I guess that’s a- that’s kind of yeah, really good next steps, or even things for educators to consider just being able to give that flexibility to students. And I guess I’ll do a follow up to that statement and ask you, you know, based on this work that the two of you have done, have you been able to kind of pull out any advice or tips for students, maybe we’ll start with students and then go to educators and just how to thrive in this environment during this time when they’ve had to quickly adapt and change into a new way of learning.
I guess some of the things that I’ve noticed with the students is encouraging them to get to know their fellow students in an online forum. So often sending pairs or smaller groups out to different breakout rooms as if they were together. So that they can share their experiences and be a bit more free speaking, obviously, working in a group of 20, or 30, you don’t get a lot of voices that will speak up. But you’ve put them into the smaller groups who found they have a lot more success in talking about what they were doing, and almost even offering them the opportunity to reflect on what was happening and what they were learning at the same time. So not maybe as prescriptive. So that, I guess they were provided an opportunity to have some applied time, but also some sharing time, so that they could be a part of the experience, not just being taught to, but be a part of it. So I think that’s something that moving forward a lot of the teaching that we do now. We make the time for that and make time for the students so that they can have the experience while they’re online, maybe sitting in another country and not feeling so isolated.
Are you seeing that students are enjoying this way of learning more than in the classroom? I don’t know if you have any anecdotes?
I think summer. Yeah, but some aren’t. The ones that I guess I having more difficulty are our international students. And I don’t know if- if you feel that I’ve got a thick accent and hard to understand or not. But certainly, if you’re new to Australia and new to the accent, then the- in the classroom rather than online, you pick up the accent and the language a little bit more easily. And it does help them I guess, to settle in a new country and make new friends when they’re seeing them face to face.
Absolutely, I guess yeah, flipping that question to the educators any kind of best practices or tips, advice that you may have thought about, or that has come from this work?
I think when we first started out, we talked a lot about it being quite one dimensional, in that we were talking to students face to face.
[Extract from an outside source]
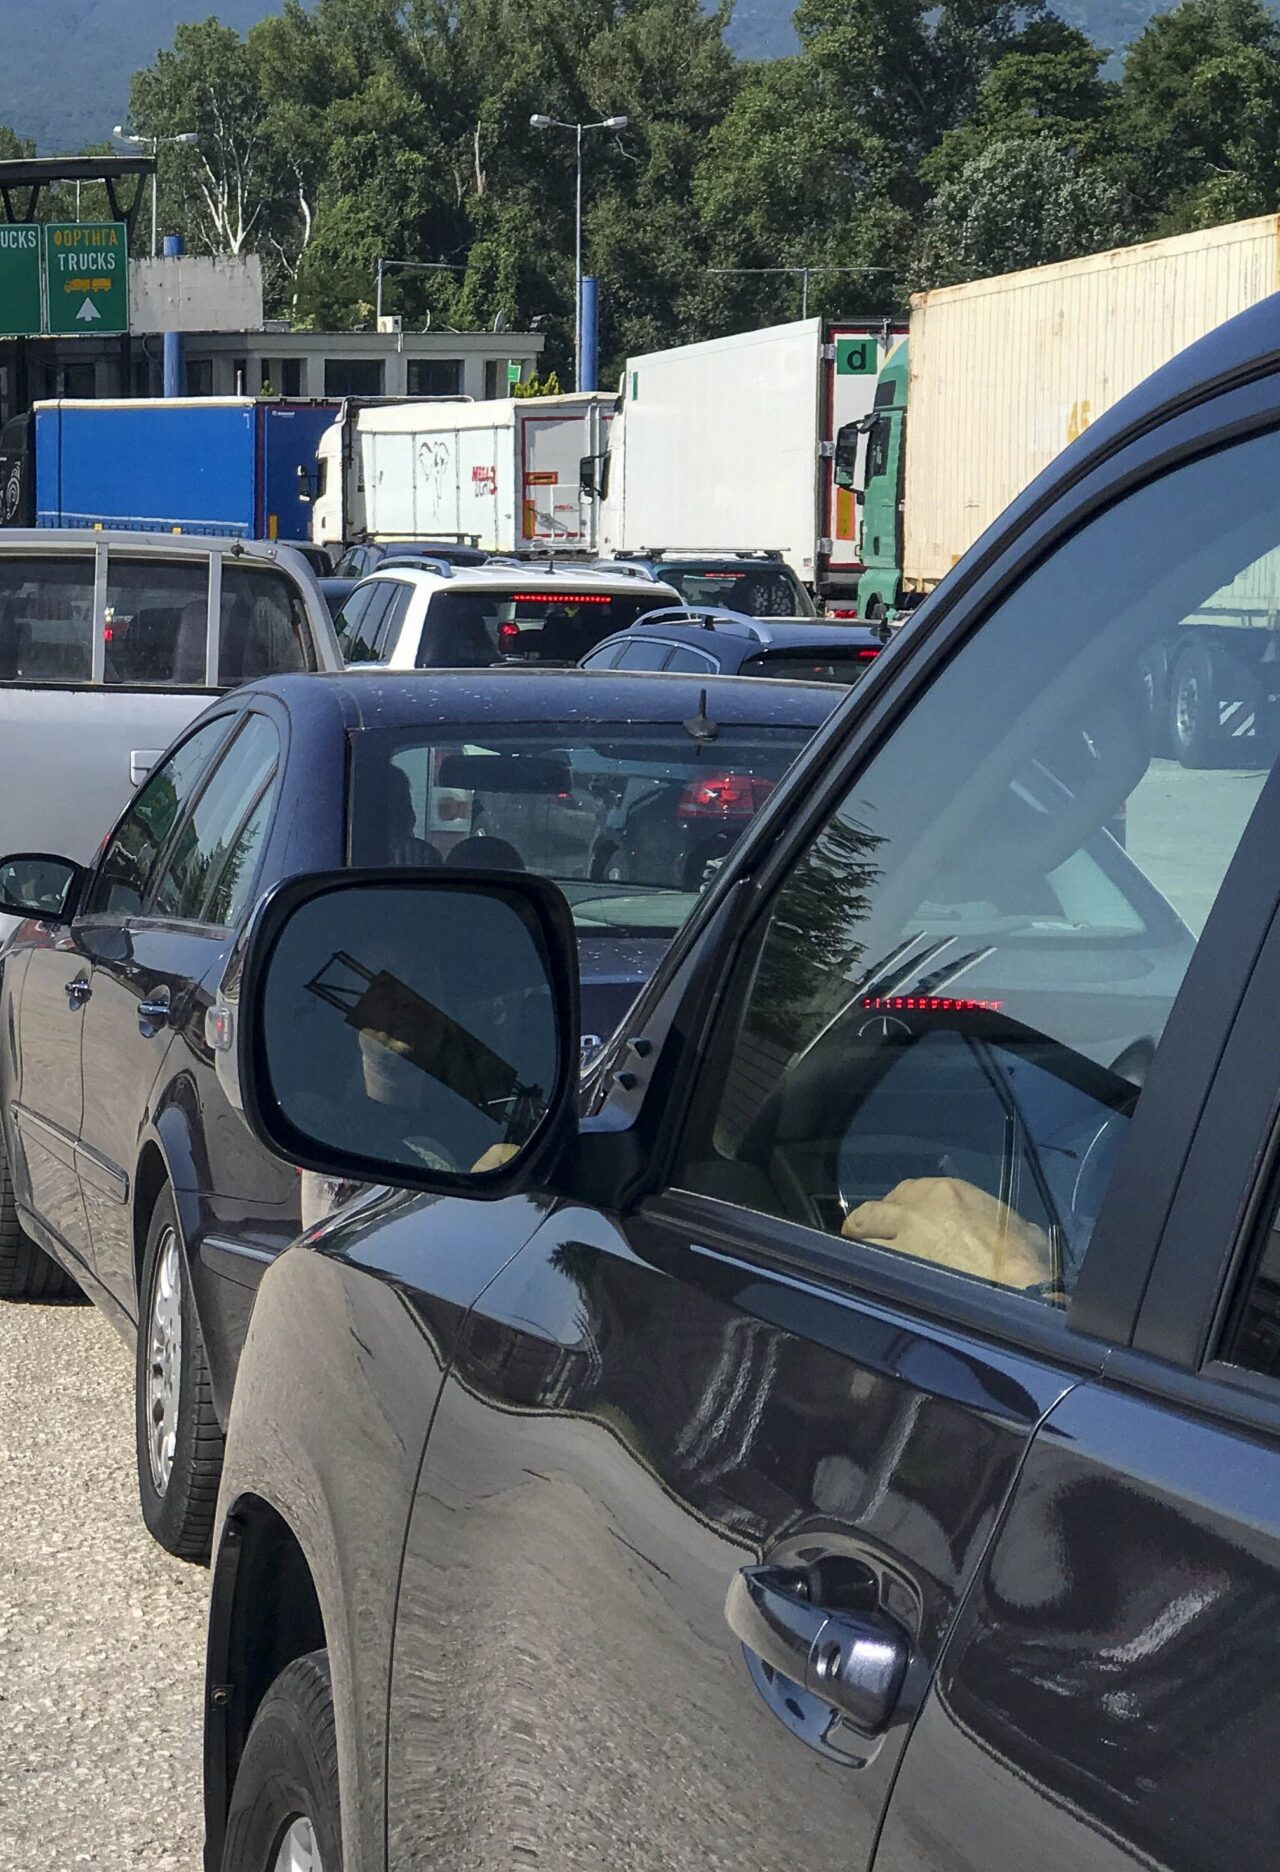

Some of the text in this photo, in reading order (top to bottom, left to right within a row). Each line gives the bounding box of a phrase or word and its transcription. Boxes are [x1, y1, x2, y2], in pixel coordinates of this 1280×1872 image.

[53, 229, 119, 247] ΦΟΡΤΗΓΑ
[57, 252, 116, 271] TRUCKS
[846, 344, 867, 371] d
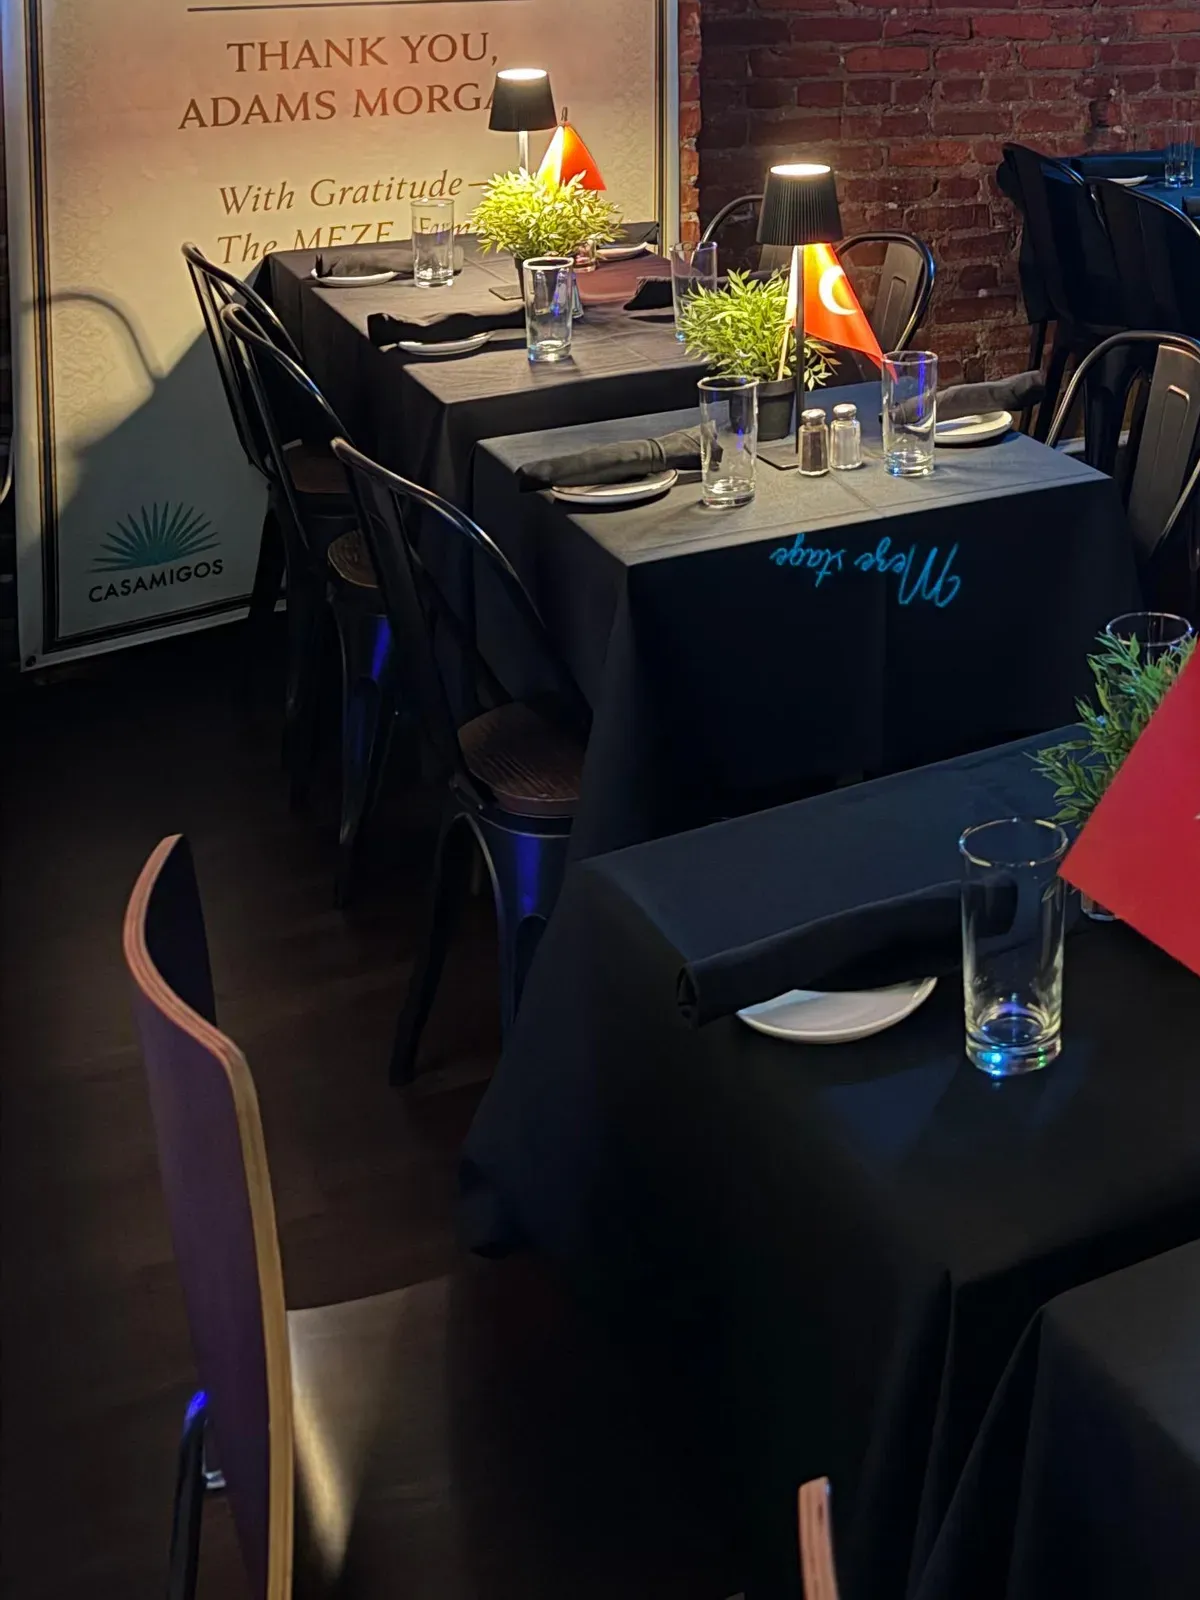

We all worked off of learning management system anyways. So students had online components that we had already, you know, prior to this had been working on so that they had a few different things that were working. But I feel I guess the educators are now a lot more comfortable working with, yeah, more of a uni dimensional type of format or platform so that they have some, you know, synchronous or asynchronous type teaching. They also have, you know, things that they can send the students off to, but their students can come back and talk about it, reflect on it, share, share what they’re doing, but then they can sit down listen to another lecture or a mini lecture. So I think educators are being a bit more creative in how they’re presenting their materials. So it isn’t just one dimensional anymore.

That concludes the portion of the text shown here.